Django Forms History

Django has several generations of quite different clever mechanisms to make creating HTML forms "easier". Yes, making them might be easier, but maintaining this opinionated stuff is a nightmare without adequately educating yourself how the architecture works. This will take time: do not hurry.

WARNING: when reading the Django documentation on Forms (unbound and bound) and ModelForms, do not get diverted into looking at Formsets or ModelFormsets. We do not use any formsets in troggle - of any kind.

Django 'Form' object

This is now a hint that you need to refresh your knowledge of the Django template system. Fortunately you only need to know a tiny part of this to work with forms, basically just this idiom: {{ my_object.attribute }} and maybe also {{ my_dict.key }}
{{ my_variable }}


{% if my_variable %} ... {% endif %}

Now have a look at the Django templates for some of the forms you will already be familiar with from using them as a caver entering data, e.g. Logbook entry editing which uses the Django template logbookform.html... (This is one of those webpages where we do not use a Form object for writing the HTML, only for interpreting the results).

Hah, that was a nasty shock wasn't it? OK, most of that stuff is not the stuff which manages the data entry form. Concentrate on just the bits between the <form> ....</form> tags.

It might help you at this point to remind yourself how an ordinary webapge works, without a form. So look at a logbook entry which just displays the data and the corresponding template logbookentry.html.

HTML <form> and fields

But if you haven't worked with HTML forms before, then you actually have a whole lot of HTML you will need to learn from scratch: how the <form> ....</form> tag works, and how fields and labels and stuff works, and "input" and "textarea" and "submit", and how tag attributes such as "disabled" or "required" work.

You will also need to know about Django Widgets.
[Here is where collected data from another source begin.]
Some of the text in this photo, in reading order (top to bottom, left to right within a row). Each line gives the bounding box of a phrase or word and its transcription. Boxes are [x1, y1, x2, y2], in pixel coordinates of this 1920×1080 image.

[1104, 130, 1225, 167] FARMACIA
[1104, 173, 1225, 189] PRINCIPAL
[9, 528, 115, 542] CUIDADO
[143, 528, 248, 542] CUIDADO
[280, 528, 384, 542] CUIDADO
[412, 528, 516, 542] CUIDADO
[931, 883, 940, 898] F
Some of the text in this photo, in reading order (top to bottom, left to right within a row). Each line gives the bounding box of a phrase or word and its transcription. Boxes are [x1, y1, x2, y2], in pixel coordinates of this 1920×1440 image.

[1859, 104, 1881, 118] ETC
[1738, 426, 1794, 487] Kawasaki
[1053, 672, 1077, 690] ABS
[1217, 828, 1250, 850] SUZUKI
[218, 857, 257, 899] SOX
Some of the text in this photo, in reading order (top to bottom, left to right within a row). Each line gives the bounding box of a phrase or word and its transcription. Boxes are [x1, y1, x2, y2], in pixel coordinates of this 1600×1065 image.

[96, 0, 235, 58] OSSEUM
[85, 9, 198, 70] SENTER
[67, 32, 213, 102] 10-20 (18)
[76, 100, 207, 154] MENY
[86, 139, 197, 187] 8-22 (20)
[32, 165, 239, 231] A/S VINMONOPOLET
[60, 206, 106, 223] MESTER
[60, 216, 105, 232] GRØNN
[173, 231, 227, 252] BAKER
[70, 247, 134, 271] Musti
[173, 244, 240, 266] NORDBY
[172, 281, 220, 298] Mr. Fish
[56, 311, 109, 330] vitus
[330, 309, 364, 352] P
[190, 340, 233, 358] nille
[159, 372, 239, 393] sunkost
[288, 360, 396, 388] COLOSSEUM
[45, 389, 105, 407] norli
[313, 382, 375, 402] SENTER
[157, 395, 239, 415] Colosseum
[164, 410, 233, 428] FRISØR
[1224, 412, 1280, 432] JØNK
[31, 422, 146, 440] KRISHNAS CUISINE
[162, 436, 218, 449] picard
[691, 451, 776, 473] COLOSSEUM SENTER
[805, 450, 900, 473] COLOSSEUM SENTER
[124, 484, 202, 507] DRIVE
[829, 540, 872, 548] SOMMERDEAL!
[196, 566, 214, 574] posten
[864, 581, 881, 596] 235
So that's enough to get you started. Now you are on your own, apart from help on the Website room of the Matrix chat and the nerd email list of course.

ModelForms

A few of our data entry pages use ModelForms, these are where the Form object is automagically created from a Model class. If you can't find where something is initialised, it is probably because it was done automatically and invisibly by instantiating a ModelForm.